EXERCISE DESCRIPTION => Output only these lines, set down exactly: the one containing "this 1344×1512 image." and each line after it through the end of the records.

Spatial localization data
▼

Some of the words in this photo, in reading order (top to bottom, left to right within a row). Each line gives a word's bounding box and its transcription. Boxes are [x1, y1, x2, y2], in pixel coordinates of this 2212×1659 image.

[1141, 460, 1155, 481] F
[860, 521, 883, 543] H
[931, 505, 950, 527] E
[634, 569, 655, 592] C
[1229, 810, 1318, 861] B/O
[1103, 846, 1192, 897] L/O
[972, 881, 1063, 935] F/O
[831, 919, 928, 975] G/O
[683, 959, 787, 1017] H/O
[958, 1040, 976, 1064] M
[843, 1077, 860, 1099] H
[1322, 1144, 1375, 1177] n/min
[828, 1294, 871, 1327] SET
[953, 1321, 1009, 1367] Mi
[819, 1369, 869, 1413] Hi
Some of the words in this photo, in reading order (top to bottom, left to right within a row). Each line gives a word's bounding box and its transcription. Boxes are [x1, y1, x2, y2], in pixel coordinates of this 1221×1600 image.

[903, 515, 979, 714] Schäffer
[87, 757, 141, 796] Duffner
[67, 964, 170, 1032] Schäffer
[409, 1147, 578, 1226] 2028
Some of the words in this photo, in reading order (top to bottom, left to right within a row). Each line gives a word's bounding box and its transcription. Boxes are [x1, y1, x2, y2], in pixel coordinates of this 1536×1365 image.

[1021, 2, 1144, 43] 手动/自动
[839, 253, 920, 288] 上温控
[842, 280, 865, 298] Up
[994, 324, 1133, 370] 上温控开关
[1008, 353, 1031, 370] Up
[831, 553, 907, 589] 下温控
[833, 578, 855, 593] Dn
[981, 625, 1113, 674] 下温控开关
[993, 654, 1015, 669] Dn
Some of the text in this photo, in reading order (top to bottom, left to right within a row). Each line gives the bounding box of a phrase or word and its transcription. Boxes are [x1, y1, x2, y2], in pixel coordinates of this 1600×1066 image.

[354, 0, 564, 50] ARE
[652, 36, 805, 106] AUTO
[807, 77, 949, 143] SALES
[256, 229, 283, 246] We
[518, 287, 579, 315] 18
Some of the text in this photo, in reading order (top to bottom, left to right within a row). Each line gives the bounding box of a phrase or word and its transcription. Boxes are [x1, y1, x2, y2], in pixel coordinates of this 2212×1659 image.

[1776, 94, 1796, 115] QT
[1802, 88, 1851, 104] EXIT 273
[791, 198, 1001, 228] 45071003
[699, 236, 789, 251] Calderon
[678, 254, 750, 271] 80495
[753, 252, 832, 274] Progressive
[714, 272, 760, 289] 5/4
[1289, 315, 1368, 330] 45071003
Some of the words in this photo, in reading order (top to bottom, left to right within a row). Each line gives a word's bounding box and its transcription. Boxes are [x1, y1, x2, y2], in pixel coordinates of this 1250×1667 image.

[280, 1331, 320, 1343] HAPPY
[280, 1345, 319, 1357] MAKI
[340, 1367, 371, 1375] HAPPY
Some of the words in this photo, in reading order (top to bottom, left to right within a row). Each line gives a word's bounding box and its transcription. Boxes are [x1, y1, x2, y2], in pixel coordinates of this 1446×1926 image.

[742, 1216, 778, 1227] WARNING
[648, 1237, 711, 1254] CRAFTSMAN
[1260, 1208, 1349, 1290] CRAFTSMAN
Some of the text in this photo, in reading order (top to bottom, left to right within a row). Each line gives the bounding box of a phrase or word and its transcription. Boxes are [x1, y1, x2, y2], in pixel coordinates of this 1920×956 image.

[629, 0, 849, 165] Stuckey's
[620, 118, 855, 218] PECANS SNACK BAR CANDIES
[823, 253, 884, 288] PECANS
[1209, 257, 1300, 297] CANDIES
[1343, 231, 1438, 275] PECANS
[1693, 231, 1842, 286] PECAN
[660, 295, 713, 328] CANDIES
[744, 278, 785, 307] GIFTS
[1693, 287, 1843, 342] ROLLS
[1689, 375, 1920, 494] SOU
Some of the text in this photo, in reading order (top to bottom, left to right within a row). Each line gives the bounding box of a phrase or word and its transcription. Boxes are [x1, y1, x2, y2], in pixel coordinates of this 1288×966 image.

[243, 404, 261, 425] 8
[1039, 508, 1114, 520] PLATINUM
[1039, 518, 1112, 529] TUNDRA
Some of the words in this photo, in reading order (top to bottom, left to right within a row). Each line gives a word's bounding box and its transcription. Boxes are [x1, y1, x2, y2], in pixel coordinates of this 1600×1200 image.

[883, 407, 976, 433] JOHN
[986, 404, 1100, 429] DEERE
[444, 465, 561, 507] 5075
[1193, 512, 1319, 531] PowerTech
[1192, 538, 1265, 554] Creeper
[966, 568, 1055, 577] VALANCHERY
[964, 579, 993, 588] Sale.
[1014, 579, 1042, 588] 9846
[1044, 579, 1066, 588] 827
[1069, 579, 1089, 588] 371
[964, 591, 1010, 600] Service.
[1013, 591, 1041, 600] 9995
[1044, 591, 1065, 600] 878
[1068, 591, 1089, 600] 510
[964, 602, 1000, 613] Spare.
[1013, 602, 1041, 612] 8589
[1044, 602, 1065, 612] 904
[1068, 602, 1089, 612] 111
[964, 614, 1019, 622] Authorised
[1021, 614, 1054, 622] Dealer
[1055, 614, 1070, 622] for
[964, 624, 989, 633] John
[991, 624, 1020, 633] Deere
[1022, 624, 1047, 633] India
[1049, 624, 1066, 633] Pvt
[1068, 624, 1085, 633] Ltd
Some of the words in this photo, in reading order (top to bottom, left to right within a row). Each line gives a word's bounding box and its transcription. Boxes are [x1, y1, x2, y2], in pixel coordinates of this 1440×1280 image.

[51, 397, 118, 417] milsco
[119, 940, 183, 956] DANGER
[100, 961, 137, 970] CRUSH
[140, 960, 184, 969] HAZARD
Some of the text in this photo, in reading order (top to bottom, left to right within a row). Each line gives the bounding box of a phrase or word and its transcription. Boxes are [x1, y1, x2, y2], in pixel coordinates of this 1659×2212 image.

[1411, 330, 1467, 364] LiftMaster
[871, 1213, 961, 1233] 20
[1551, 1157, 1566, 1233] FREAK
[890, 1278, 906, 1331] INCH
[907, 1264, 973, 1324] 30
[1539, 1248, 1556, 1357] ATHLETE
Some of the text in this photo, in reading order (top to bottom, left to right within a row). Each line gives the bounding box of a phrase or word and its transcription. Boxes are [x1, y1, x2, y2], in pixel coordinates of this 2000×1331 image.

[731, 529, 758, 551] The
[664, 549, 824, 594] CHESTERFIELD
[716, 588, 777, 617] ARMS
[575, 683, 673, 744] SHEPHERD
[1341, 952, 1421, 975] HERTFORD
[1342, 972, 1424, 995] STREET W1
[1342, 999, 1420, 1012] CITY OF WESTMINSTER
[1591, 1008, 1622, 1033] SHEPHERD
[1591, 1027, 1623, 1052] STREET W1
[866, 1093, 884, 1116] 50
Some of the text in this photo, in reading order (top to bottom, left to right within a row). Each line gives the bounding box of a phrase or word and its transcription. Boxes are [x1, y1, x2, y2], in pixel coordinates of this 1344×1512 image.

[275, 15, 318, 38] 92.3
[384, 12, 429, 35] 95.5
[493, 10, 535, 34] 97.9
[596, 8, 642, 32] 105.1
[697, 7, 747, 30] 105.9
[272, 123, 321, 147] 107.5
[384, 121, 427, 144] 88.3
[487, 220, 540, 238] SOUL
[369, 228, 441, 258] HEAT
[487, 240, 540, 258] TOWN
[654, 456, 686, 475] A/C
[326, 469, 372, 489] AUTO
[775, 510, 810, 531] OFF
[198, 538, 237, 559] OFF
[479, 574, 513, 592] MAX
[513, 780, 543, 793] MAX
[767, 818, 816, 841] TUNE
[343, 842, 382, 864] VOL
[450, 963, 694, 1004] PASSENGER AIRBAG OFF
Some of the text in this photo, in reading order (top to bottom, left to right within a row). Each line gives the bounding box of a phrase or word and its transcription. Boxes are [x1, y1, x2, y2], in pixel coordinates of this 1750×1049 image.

▲

EXERCISE SOLUTION =>
Some of the text in this photo, in reading order (top to bottom, left to right within a row). Each line gives the bounding box of a phrase or word and its transcription. Boxes are [x1, y1, x2, y2], in pixel coordinates of this 1344×1512 image.

[275, 15, 318, 38] 92.3
[384, 12, 429, 35] 95.5
[493, 10, 535, 34] 97.9
[596, 8, 642, 32] 105.1
[697, 7, 747, 30] 105.9
[272, 123, 321, 147] 107.5
[384, 121, 427, 144] 88.3
[487, 220, 540, 238] SOUL
[369, 228, 441, 258] HEAT
[487, 240, 540, 258] TOWN
[654, 456, 686, 475] A/C
[326, 469, 372, 489] AUTO
[775, 510, 810, 531] OFF
[198, 538, 237, 559] OFF
[479, 574, 513, 592] MAX
[513, 780, 543, 793] MAX
[767, 818, 816, 841] TUNE
[343, 842, 382, 864] VOL
[450, 963, 694, 1004] PASSENGER AIRBAG OFF
Some of the text in this photo, in reading order (top to bottom, left to right within a row). Each line gives the bounding box of a phrase or word and its transcription. Boxes are [x1, y1, x2, y2], in pixel coordinates of this 1750×1049 image.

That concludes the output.